In my exploration of all things new and goth emerging this year, I keep coming back to an album that hasn’t received nearly the attention I feel it deserves. Coldly ethereal and distant but warm, Ono Scream’s self-titled debut is sure to prove itself a no-brainer inclusion amongst the best goth and cold wave releases of the year.
The solo project of Belgium band Apparaat’s frontman Bart Willems, Ono Scream is heavily influenced by Willem’s childhood influences such as Bauhaus and early Simple Minds. A nod to Joy Division would be hard to ignore, especially considering the album was released by French label Unknown Pleasures Records, but this album is no hackneyed tribute to the legends of the heyday. Tracks like opener “I’m the Hollow Man” and “Leather Girl” have a modern, danceable despondency that feels too fresh to be nostalgic. The standout track for me is “This Endless Walking;” its hypnotic circular drone creates the perfect concavity for a simple, driving beat and obscured lyrics that enter the subconscious and create their own story therein.

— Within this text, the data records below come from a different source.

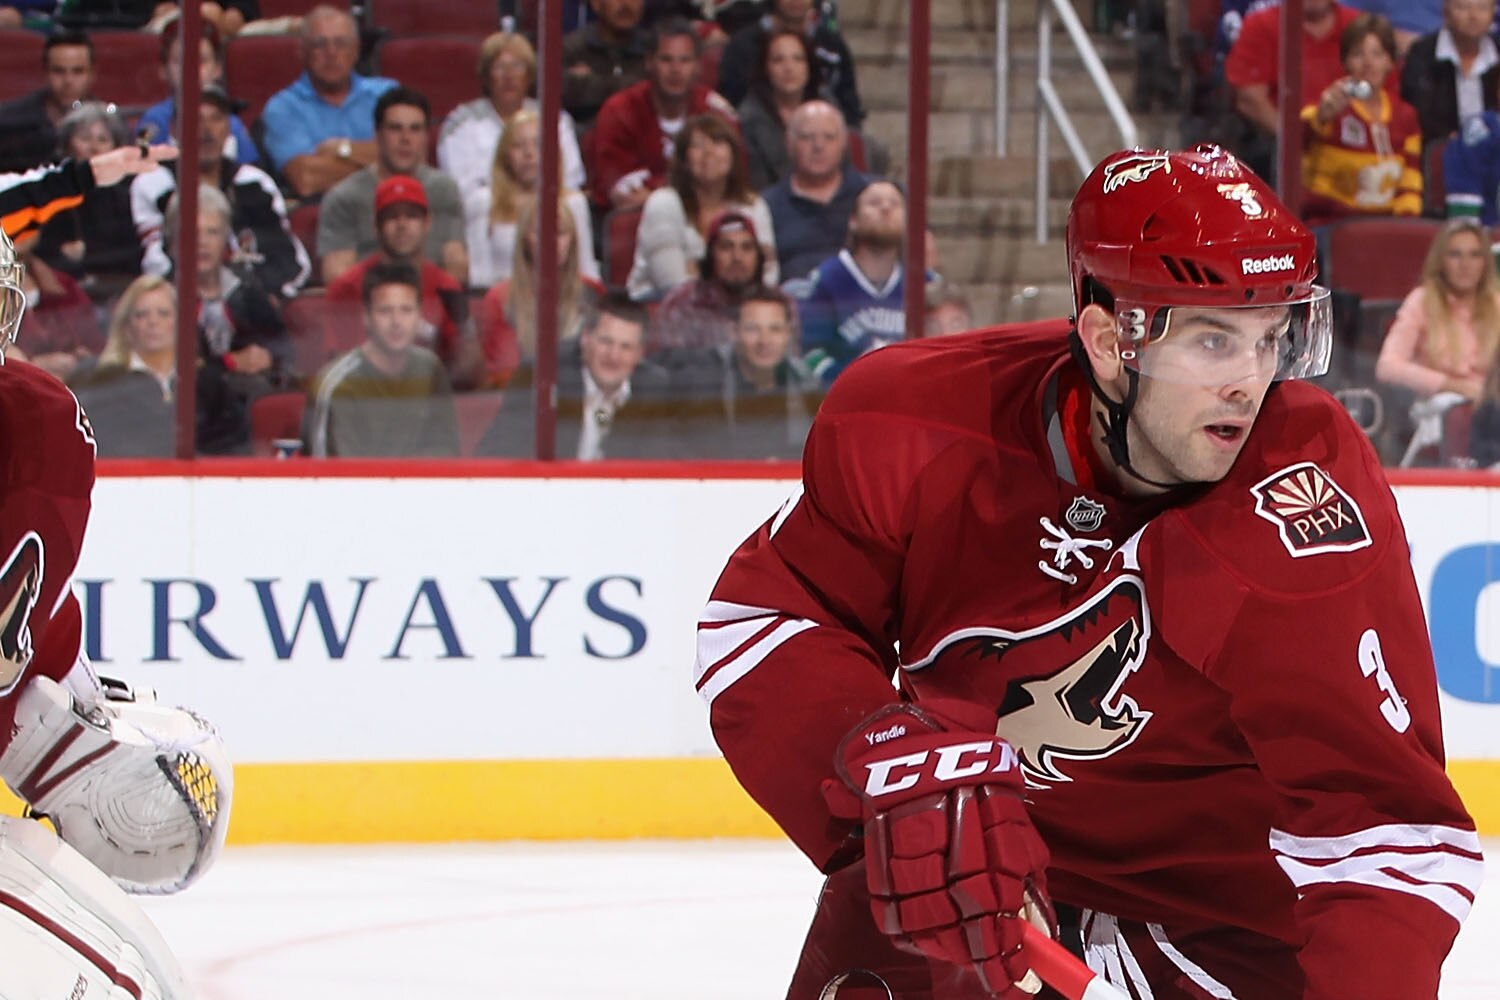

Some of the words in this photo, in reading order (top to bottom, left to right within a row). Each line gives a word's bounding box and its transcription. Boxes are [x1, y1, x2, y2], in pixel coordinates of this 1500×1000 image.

[1242, 254, 1294, 275] Reebok
[1293, 501, 1353, 544] PHX
[74, 575, 648, 662] IRWAYS
[1358, 628, 1411, 733] 3
[865, 725, 906, 746] Yandle

It’s one of my favorite effects an artist of any type can utilize, like an abstract painting that forces the viewer to create their own narrative using the non-specific language (visual in that context, aural here) combined with subjective experiences to imbue meaning on the piece.

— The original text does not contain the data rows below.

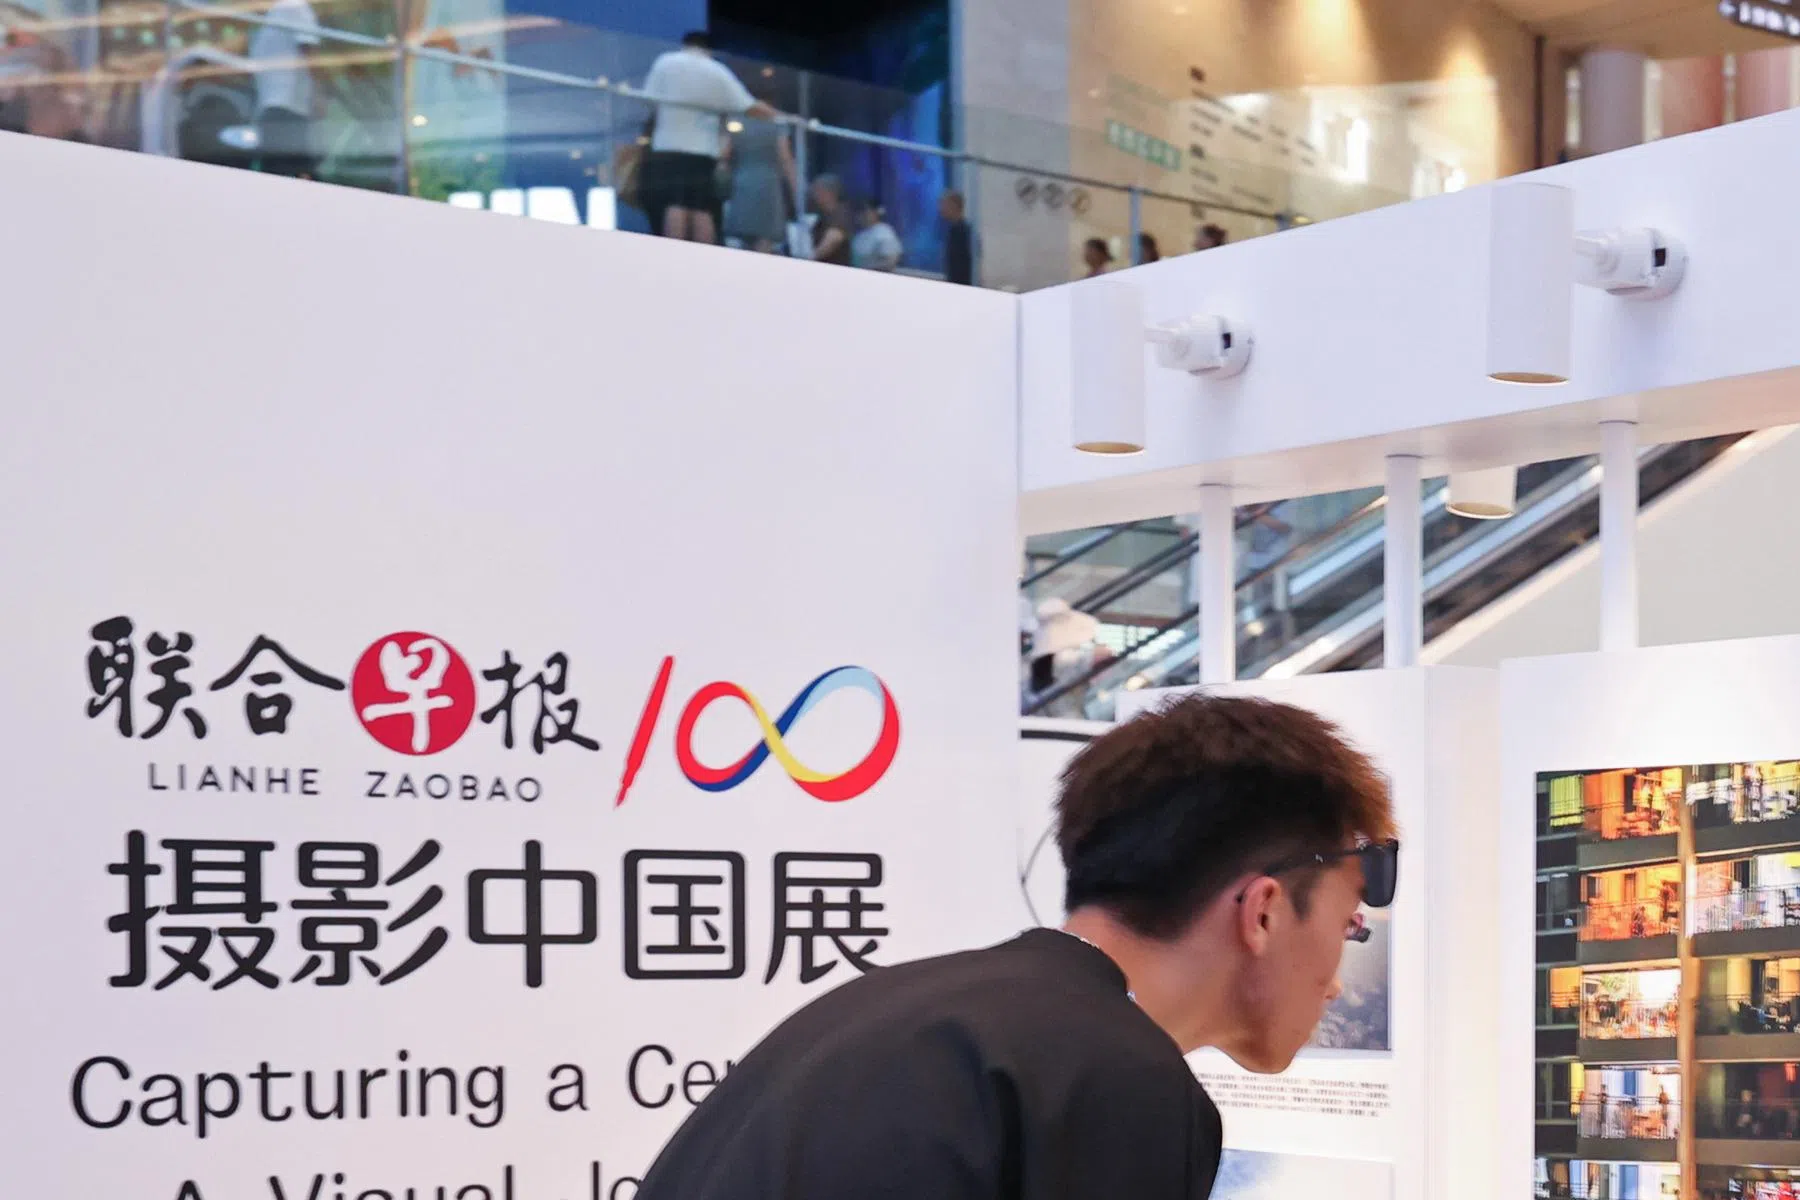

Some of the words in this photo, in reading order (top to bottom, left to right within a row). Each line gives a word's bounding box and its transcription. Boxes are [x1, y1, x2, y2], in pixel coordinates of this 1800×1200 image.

[86, 616, 602, 758] 联合早报
[149, 763, 321, 796] LIANHE
[366, 770, 543, 803] ZAOBAO
[106, 829, 890, 991] 摄影中国展
[71, 1049, 508, 1139] Capturing
[547, 1064, 589, 1112] a
[628, 1044, 732, 1110] Ce

If all of that sounds like absurd esoteric bullshit, fear not: the tracks converge in peak heaviness around halfway through. “What Have They Done,” with its electronic wall of sludgy, dark noise, is the perfect backdrop for one of the album’s clearest vocal refrains: “Oh Father, help me. He’s making a mess.” This leads into the more uptempo industrialized jam “Seventh of Seven,” arguably the most dancefloor-ready of the collection. The peak then dies back down, and we edge into more relaxed territory with the Mark Lanegan-esque “You Shut Your Mind” before bringing if full circle with an acoustic version of “Hollow Man.” With this solo debut, Willems succeeds in creating a fully actualized composition from top to bottom.